As Israel pushes ahead with one of the world's most intense coronavirus vaccination campaigns and normality slowly returns, nearby Palestinians without access to vaccines are flooding hospitals already at breaking point.
"We have reached the red line," said Palestinian minister Mai al-Kaila.
"The alarm has been rung in Palestine, the epidemiological situation is very dangerous."
In Israel more than 4.3 million people -- nearly 46 percent of the population -- have been fully inoculated against the coronavirus with twin doses of the Pfizer/BioNTech jab.
The country is gradually reopening hotels, along with restaurants, bars and cafes.
That is in stark contrast to the occupied West Bank, where aside from medical staff and some 90,000 workers with permits to enter Israel, only a handful of the 2.8 million residents have received jabs.
On Wednesday, the Palestinian Authority took delivery of 60,000 Pfizer-BioNTech and AstraZeneca jabs via the UN's Covax programme.
But their arrival comes as hospitals battle to treat a flood of Covid-19 patients.
In the emergency department of a Ramallah medical complex, an eight-year-old girl with Covid-19 struggles with her oxygen tube.

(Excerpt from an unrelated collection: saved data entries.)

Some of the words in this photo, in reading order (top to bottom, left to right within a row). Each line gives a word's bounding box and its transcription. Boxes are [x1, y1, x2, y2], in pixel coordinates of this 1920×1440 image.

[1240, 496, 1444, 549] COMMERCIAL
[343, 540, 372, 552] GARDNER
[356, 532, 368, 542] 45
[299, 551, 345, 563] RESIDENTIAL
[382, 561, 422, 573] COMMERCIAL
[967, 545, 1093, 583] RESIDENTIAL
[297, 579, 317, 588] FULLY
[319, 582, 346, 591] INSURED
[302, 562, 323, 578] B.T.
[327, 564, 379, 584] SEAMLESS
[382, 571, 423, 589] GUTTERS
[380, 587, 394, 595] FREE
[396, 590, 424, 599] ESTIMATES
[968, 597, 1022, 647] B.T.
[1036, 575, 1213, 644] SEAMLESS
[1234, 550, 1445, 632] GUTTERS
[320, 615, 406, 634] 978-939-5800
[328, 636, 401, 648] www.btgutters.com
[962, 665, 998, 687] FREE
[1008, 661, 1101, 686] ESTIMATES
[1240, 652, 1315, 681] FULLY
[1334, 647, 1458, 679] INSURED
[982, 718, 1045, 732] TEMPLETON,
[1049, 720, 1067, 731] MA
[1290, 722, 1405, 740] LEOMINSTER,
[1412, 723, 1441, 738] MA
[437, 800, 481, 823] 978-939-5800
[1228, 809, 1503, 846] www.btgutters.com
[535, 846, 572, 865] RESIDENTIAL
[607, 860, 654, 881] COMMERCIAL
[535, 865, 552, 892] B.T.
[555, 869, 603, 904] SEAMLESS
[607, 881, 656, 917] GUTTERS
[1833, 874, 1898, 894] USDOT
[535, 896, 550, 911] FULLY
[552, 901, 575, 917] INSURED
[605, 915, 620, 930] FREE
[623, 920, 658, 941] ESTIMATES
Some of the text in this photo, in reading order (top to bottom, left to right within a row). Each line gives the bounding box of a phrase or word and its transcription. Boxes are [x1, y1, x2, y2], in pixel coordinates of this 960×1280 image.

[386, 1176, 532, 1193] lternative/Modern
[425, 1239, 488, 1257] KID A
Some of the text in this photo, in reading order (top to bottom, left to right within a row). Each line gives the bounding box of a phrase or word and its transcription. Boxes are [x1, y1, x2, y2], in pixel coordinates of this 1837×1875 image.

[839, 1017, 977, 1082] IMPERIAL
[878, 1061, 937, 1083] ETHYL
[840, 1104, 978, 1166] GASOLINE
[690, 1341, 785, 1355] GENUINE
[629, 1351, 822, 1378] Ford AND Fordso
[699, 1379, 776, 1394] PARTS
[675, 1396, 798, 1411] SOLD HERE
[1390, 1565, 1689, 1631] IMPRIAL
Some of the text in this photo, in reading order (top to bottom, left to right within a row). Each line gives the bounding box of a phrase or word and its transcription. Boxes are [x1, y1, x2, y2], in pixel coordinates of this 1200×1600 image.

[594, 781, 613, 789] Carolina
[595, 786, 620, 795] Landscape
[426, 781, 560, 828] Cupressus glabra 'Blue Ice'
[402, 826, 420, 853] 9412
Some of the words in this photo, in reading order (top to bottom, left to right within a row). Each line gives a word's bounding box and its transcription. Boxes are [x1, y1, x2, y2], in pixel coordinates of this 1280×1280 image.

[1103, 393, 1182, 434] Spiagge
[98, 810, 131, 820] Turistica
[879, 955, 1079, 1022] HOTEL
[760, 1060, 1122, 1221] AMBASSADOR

Close by, a man in his sixties watches from a resuscitation room as other patients groan in their beds.
The ward is heavy with foul air.
The emergency unit is swamped, so authorities have started to equip three large caravan trailers outside to cope with the influx of patients.
"Sometimes, because of the coronavirus crisis, we have to wait for one of the patients to die in the hospital so we can transfer another one into the emergency room," said a hospital official, requesting anonymity.
- Breaking point -
The situation in this large hospital in Ramallah, the main city in the West Bank, some 15 kilometres (10 miles) north of Jerusalem, is repeated elsewhere across the territory.
When Israel launched its vaccination campaign in December, rights groups such as Amnesty International and Palestinian officials implored it to extend the vaccination campaign to the West Bank, which it has occupied since 1967.
But Israel refused, arguing it had no obligation to provide vaccines because health responsibilities fall to the Palestinian Authority.
Today the number of daily cases in the West Bank, home to 2.8 million Palestinians, now slightly exceeds that of the whole of Israel -- population nine million.
That is pushing Palestinian hospitals to breaking point.
The PA said this week the health system was 100 percent full and a new wave of patients was exceeding its ability to cope.
In the West Bank, more than 156,000 coronavirus cases have been recorded, including 1,745 deaths.
At the Dora hospital in Hebron, a large city in the south of the West Bank, medical director Mohammed Rabei said he was overwhelmed.
The hospital usually has a capacity of 60 beds, but staff have squeezed in more to increase it to 80.
But the number needing hospital beds continues to rise, Rabei said.
"We must find other solutions" to treat critically sick patients with coronavirus, Rabei told AFP.
"There has always been a shortage of staff here... but these days, the teams are working under pressure, lacking days off, and they are exhausted."
- Waiting for vaccines -
In Silwad, north of Ramallah, more than 50 oxygen machines were donated by Palestinian-Americans, at a cost of around $1,000 each, to help treat coronavirus patients at home.
After 10 residents died in medical centres and hospitals in Ramallah, new patients now "refuse to go to the hospitals", said Ramallah's mayor, Osama Hammad.
"We had no choice but to ask for oxygen machines... treating them in the local clinic, rather than them going to die in the big hospitals," says Hammad.
Israel, which has access to vaccine supplies through an agreement with Pfizer, has provided 5,000 doses to Palestinian medical personnel.
It has also provided jabs for some 90,000 Palestinians who cross over to work in Israel, or in Jewish settlements in the West Bank.
Meanwhile, the PA is waiting for 100,000 vaccine doses to be delivered from China.
Many in Ramallah are gloomy about the future.
"If we had started vaccinating at the same time as Israel, we would have no problem," said one health ministry official.